- **Dataset entries**:

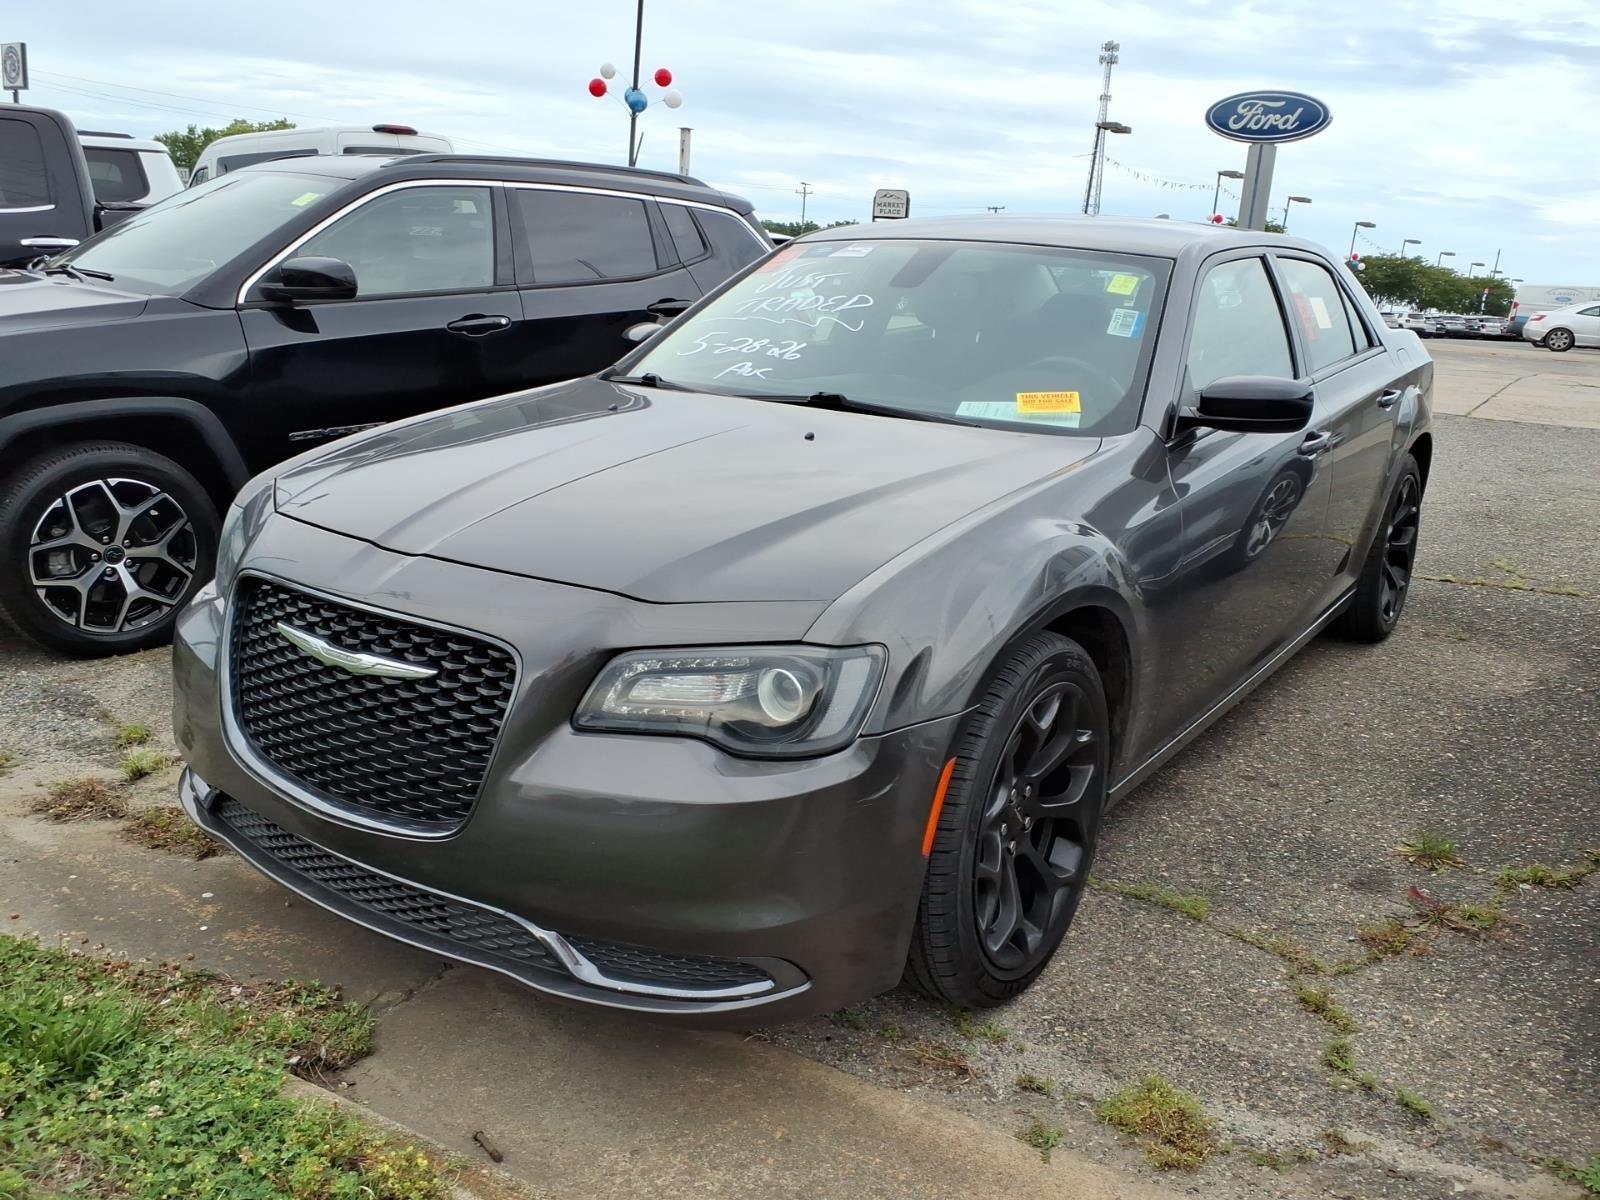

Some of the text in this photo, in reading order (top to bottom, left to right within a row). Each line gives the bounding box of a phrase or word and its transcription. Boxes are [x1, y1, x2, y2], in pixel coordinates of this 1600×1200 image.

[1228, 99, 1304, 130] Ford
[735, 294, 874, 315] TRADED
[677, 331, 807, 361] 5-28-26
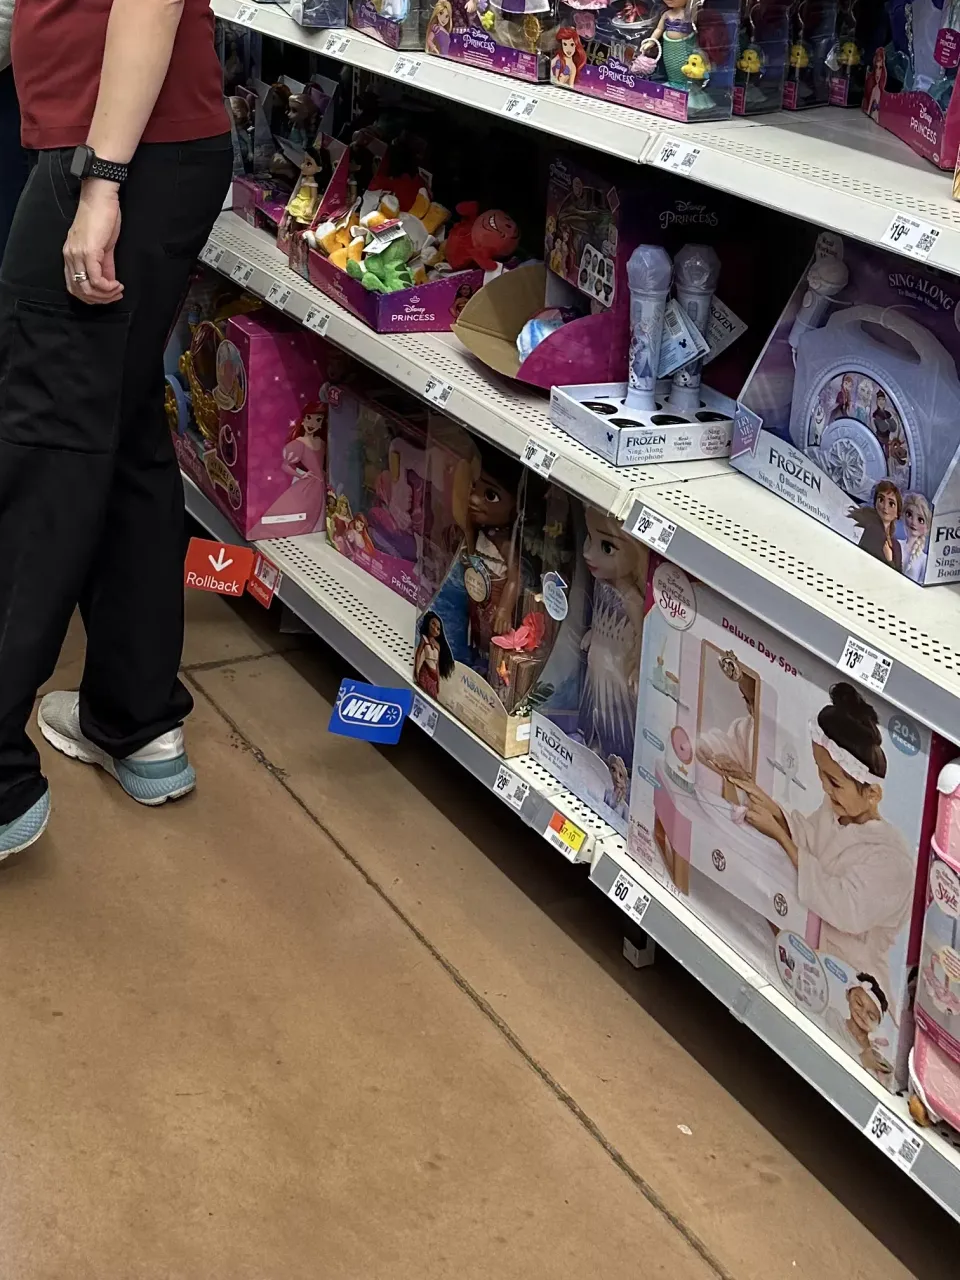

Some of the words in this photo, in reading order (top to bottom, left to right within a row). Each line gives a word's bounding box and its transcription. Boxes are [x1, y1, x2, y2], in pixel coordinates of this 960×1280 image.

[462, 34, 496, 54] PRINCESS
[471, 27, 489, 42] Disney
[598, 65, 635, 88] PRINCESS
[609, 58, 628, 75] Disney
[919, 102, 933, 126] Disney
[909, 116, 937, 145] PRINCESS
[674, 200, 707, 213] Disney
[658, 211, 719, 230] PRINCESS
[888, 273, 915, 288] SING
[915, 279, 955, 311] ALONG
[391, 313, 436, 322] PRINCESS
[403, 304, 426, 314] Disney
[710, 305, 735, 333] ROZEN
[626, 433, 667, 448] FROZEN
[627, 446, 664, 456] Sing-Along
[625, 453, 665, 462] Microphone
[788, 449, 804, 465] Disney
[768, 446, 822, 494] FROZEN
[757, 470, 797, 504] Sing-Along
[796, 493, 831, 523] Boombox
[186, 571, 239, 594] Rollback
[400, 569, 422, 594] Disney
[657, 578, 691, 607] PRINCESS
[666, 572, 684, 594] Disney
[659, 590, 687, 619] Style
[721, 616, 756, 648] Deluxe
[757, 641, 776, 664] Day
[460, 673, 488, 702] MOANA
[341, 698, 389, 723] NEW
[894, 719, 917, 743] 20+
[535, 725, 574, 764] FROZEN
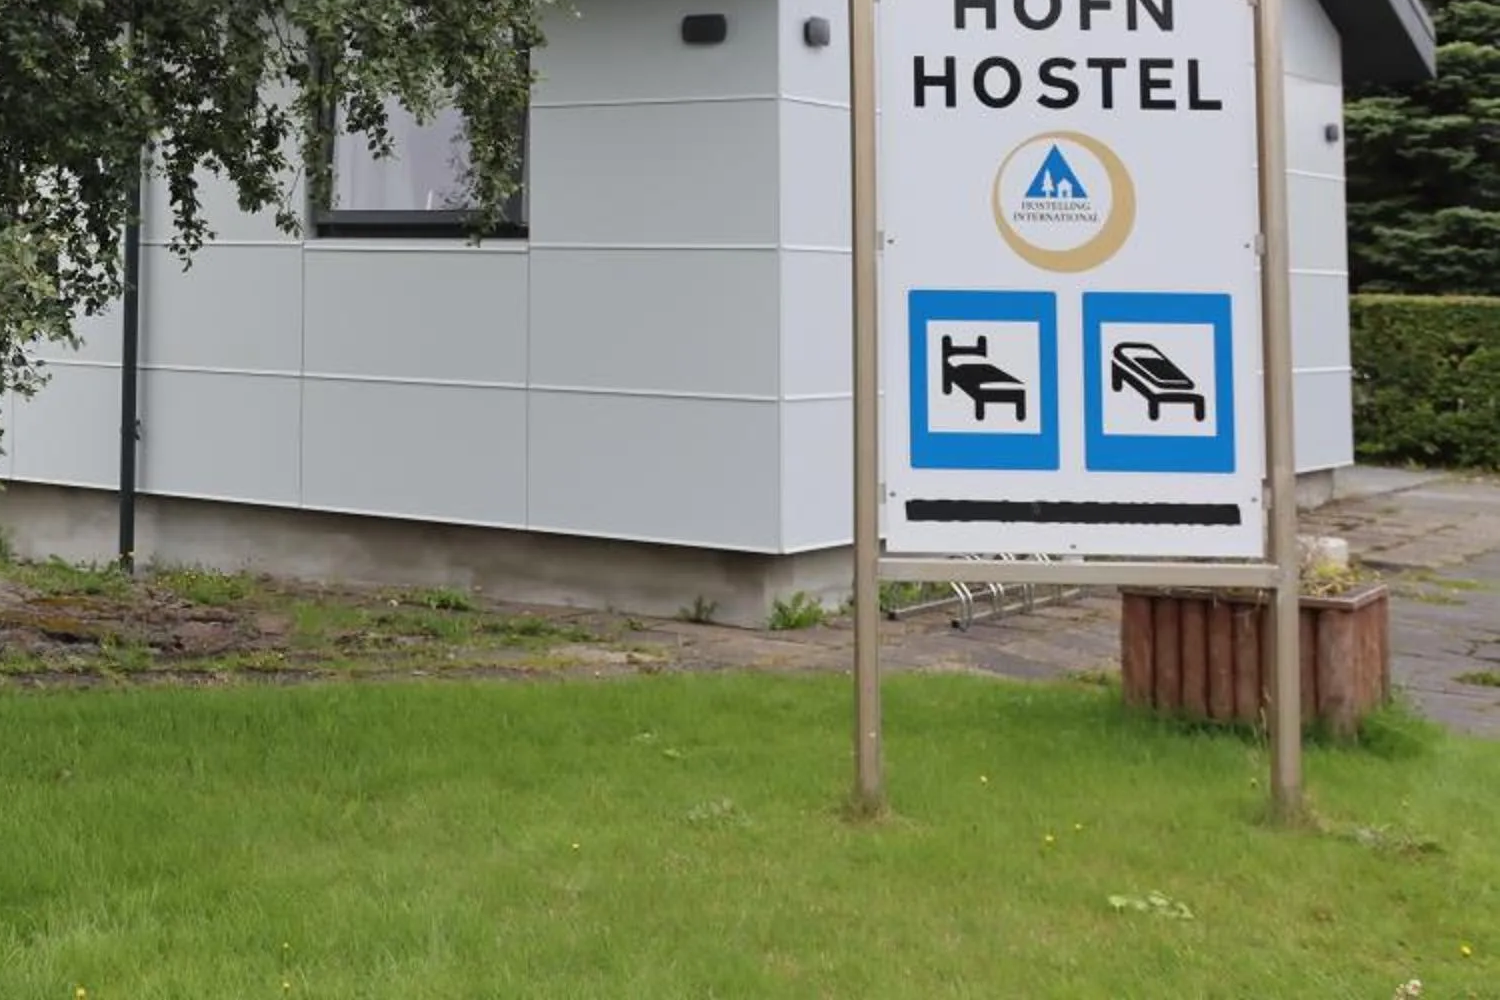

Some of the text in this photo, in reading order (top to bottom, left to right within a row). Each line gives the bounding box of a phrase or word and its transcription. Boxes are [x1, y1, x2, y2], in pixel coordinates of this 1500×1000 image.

- **Task description**: Write out, exactly and with nothing added, every line from the one that holds "Some of the words" to the end of the entries above; pictures stay out.

- **Answer space**:
Some of the words in this photo, in reading order (top to bottom, left to right within a row). Each line gives a word's bounding box and its transcription. Boxes are [x1, y1, x2, y2], in pixel coordinates of this 960×1280 image.

[462, 34, 496, 54] PRINCESS
[471, 27, 489, 42] Disney
[598, 65, 635, 88] PRINCESS
[609, 58, 628, 75] Disney
[919, 102, 933, 126] Disney
[909, 116, 937, 145] PRINCESS
[674, 200, 707, 213] Disney
[658, 211, 719, 230] PRINCESS
[888, 273, 915, 288] SING
[915, 279, 955, 311] ALONG
[391, 313, 436, 322] PRINCESS
[403, 304, 426, 314] Disney
[710, 305, 735, 333] ROZEN
[626, 433, 667, 448] FROZEN
[627, 446, 664, 456] Sing-Along
[625, 453, 665, 462] Microphone
[788, 449, 804, 465] Disney
[768, 446, 822, 494] FROZEN
[757, 470, 797, 504] Sing-Along
[796, 493, 831, 523] Boombox
[186, 571, 239, 594] Rollback
[400, 569, 422, 594] Disney
[657, 578, 691, 607] PRINCESS
[666, 572, 684, 594] Disney
[659, 590, 687, 619] Style
[721, 616, 756, 648] Deluxe
[757, 641, 776, 664] Day
[460, 673, 488, 702] MOANA
[341, 698, 389, 723] NEW
[894, 719, 917, 743] 20+
[535, 725, 574, 764] FROZEN

Some of the text in this photo, in reading order (top to bottom, left to right within a row). Each line gives the bounding box of a phrase or word and its transcription. Boxes are [x1, y1, x2, y2], in pixel coordinates of this 1500×1000 image.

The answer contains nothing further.